**ABOUT THIS EXERCISE**
Write the entries out again in full and unchanged, dropping every image.

(Free-text object descriptions)

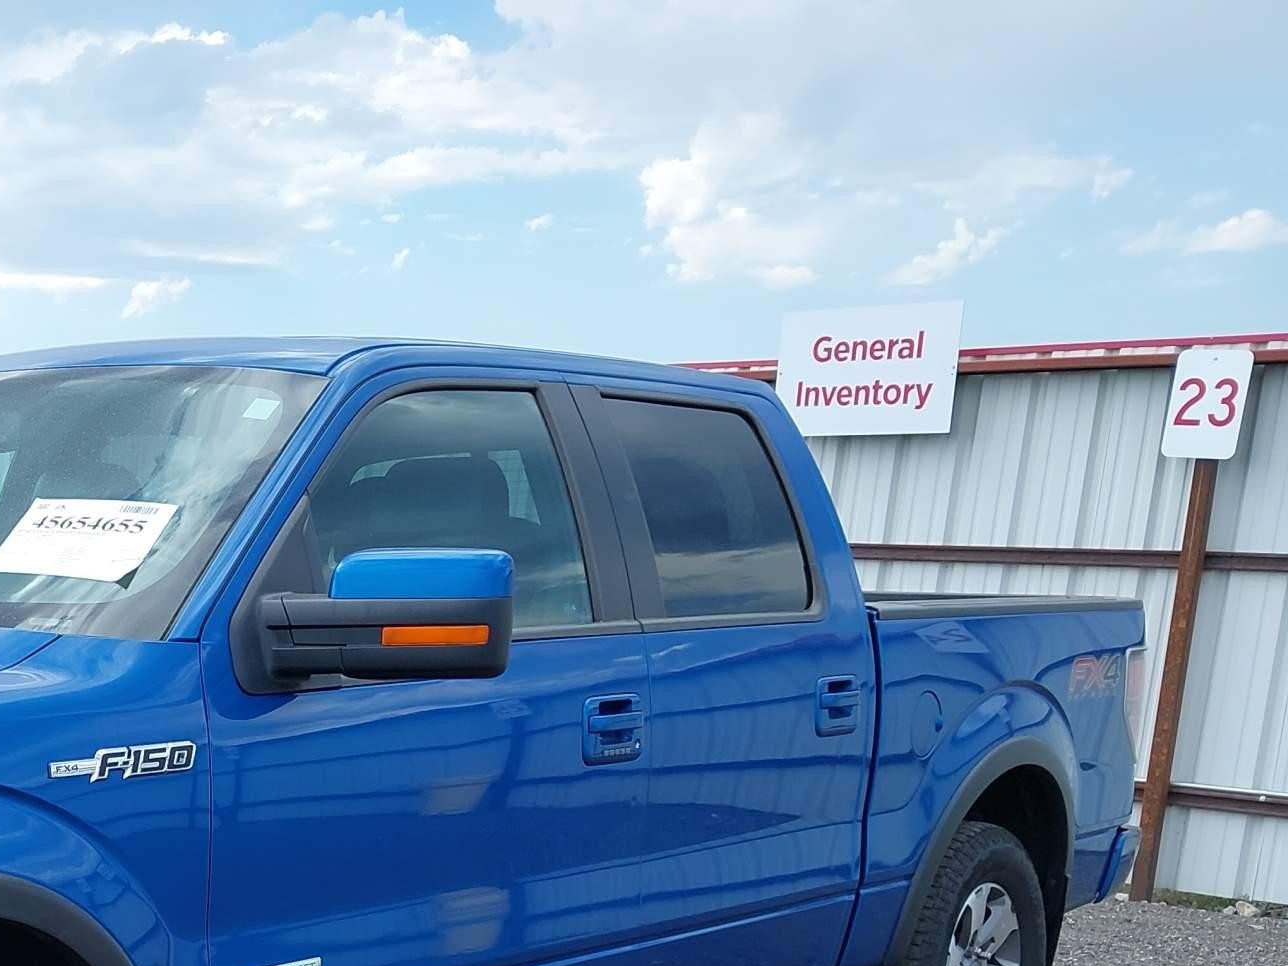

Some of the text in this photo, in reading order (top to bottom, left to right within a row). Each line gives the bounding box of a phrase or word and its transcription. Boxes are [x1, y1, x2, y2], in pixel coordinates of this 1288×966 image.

[812, 330, 925, 363] General
[795, 379, 934, 410] Inventory
[1172, 377, 1240, 428] 23
[31, 514, 148, 535] 45654655
[1068, 653, 1121, 693] FX4
[54, 742, 196, 780] FX4 F-150

**OUTPUT OF THE EXERCISE**
Some of the text in this photo, in reading order (top to bottom, left to right within a row). Each line gives the bounding box of a phrase or word and its transcription. Boxes are [x1, y1, x2, y2], in pixel coordinates of this 1288×966 image.

[812, 330, 925, 363] General
[795, 379, 934, 410] Inventory
[1172, 377, 1240, 428] 23
[31, 514, 148, 535] 45654655
[1068, 653, 1121, 693] FX4
[54, 742, 196, 780] FX4 F-150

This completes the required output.